Remembering Mehdi Samii (1918-2010), the Good Banker

Posted in Education, General, Macroeconomy by Djavad on September 18, 2010

Mehdi Samii, who died in Los Angeles, California, a week after his 92nd birthday on July 30, 2010, was Iran’s most prominent banker of the twentieth century.  His career in Iran spanned the period between the second World War and the Islamic Revolution.  He was an influential banker and a leading figure among a small group of dedicated Iranian technocrats who helped build the foundations of a modern economy in Iran, one that produced the miracle growth period of the decade before the oil boom of 1973. 

He occupied the commanding heights of economic policy making in Iran, beginning with the Central Bank, which he helped establish in 1960 and later led during 1963-68 and again in 1970-71, and later at the helm of the Plan Organization (1968-70).  Before that he had turned down two earlier ministerial appointments for agriculture and commerce.  He helped establish the Industrial and Mining Development Bank of Iran with financial backing from major US banks, and acted as its co-director for several years.  After leaving the Central Bank, he was appointed the director of the Agricultural Development Bank, where he stayed until 1979.  Mehdi Samii was a rare breed of Iranian managers and policy makers who combined personal integrity with intelligence and professionalism.  In his brief but eloquent biography of Samii, Abbas Milani describes him as “the chief architect of Iran’s rapid economic and industrial growth of the 1960’s” (Eminent Persians, p. 760). 

Samii’s impeccable reputation as a banker of high professionalism and integrity brought international credibility for Iran’s development effort.  In the 1960s, before the big inflow of oil money, when Iran needed to borrow from abroad to finance its “miracle growth”, Samii’s signature was considered collateral.  The Shah recruited him for various tasks as well, from negotiating arms purchases from the United States to managing his coronation celebrations in 1967 to forming a new party in 1972–the latter he did not end up doing.  His served the Shah loyally but not blindly; he even refused to kiss the monarch’s hand or kneel before him, as was required of all officials (Milani, Eminent Persians).  After the oil boom, when the Shah felt less in need of competent and honest managers, Samii was marginalized.  He was briefly arrested after the revolution but was set free, saved by his reputation as a man of high integrity.

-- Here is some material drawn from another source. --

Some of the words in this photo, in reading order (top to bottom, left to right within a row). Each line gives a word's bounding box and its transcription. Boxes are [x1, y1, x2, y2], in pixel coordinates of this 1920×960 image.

Samii and the group of technocrats around him came under pressure when, in 1973, the Shah was hell bent on spending his way to the gates of the “Great Civilization.”  He was displeased with the technocrats in charge of budgeting and planning who refused to quadruple the budget of the freshly prepared Fifth Five-Year Development Plan (1973-78), from $17 to $54 billions.  Samii had left the Central Bank earlier and was increasingly marginalized.  Soon followed a team of able economists and planners associated with him, such as Khodadad Farmanfarmaian and Reza Moghadam, who left the Plan and Budget Organization preferring to give up their promising careers in public service rather than carry out polices that they considered destructive.  Milani quotes Moghadam as having warned at the time that revising and inflating the Plan would lead to “social and political explosion”, (Eminent Persians, p. 758).  And the rest is history.

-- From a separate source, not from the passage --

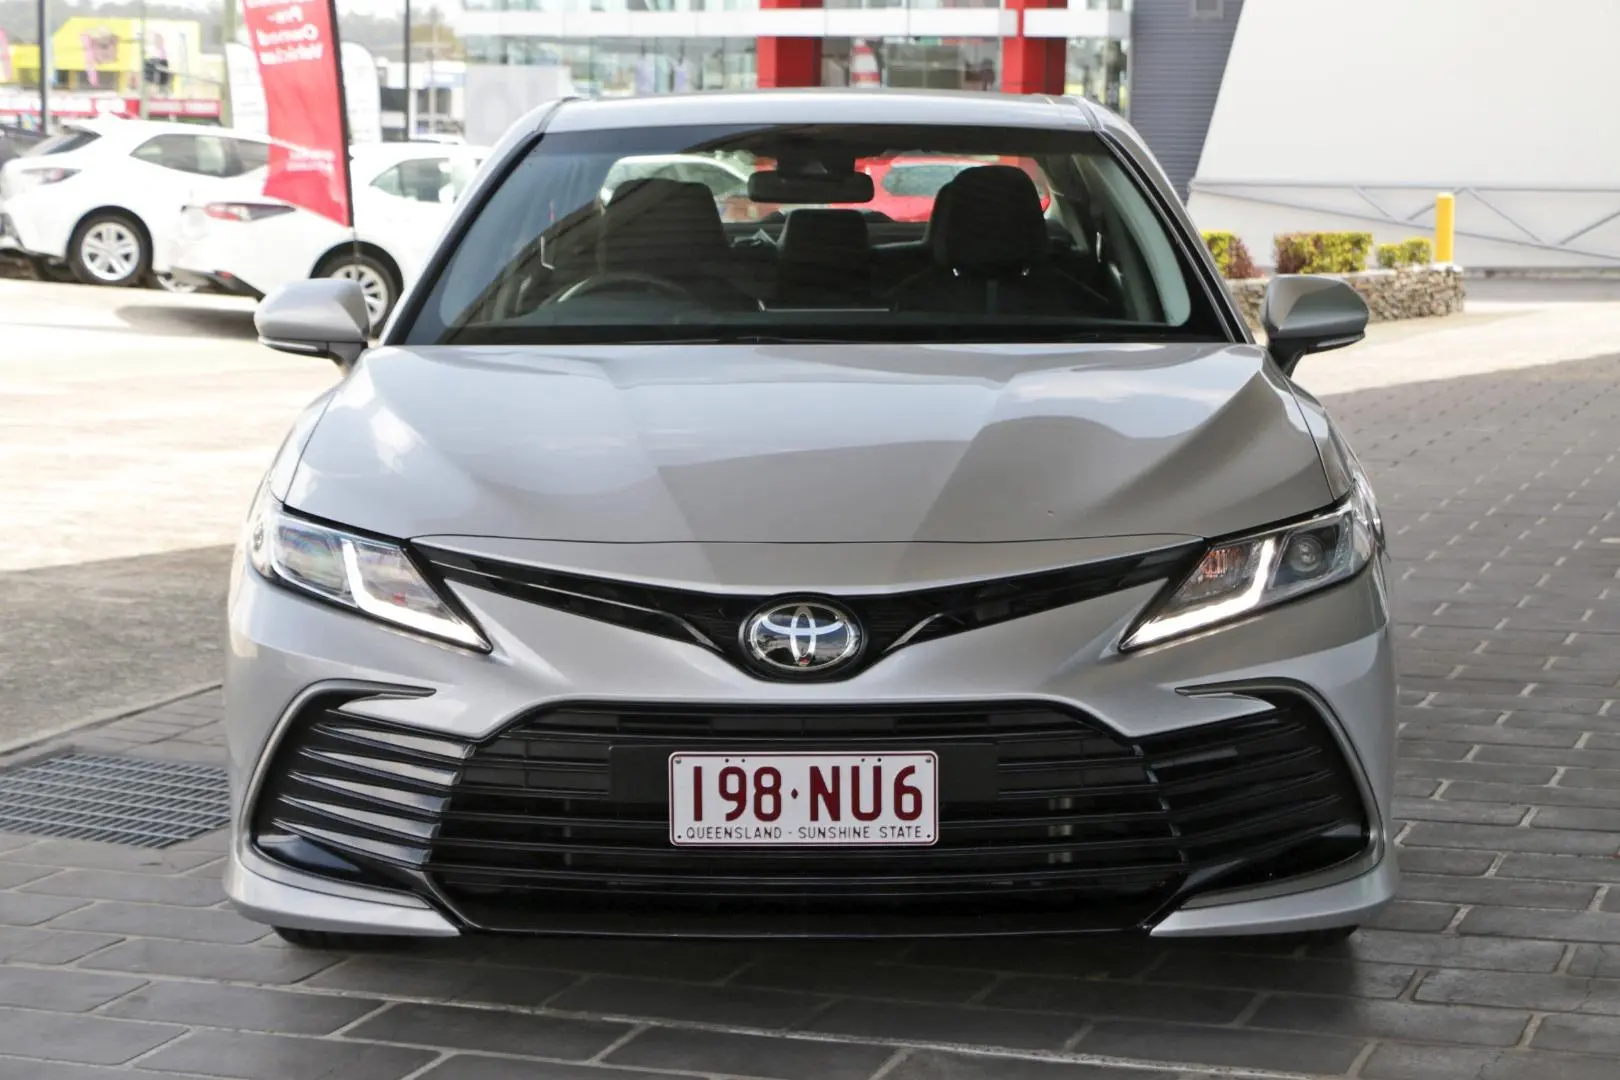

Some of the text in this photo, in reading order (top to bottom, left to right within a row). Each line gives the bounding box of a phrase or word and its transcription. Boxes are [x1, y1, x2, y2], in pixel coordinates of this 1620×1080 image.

Thus, as fate would have it, several years before the revolution, and from the margin, Samii would watch as the golden period of economic growth to which he had devoted his career came crashing down at the gates of the Shah’s Great Civilzation.  Added to his disappointment must have been how the events that followed –the revolution and the war — set back the professions in economics and finance that he had worked to promote.  It is no exaggeration to say that Mehdi Samii, in close collaboration with Farmanfarmaian, are responsible for the presence of the few eminent Iranian economists on the global stage today.  Among the beneficiaries of the scholarship program that they (at the helm of Iran’s Central Bank in 1960s) instituted you will find some of the most successful economists of their generation, Hashem Pesaran, Firouz Gahvari, and Essie Maasoumi, as you will many former “Bank Students” in high places in finance, accounting, banking, and insurance.  For several years, the Central Bank scholarship program that sent top students abroad right after high school became the main vehicle for redirecting the best and the brightest of Iran away from engineering and toward new professions in finance and economics.  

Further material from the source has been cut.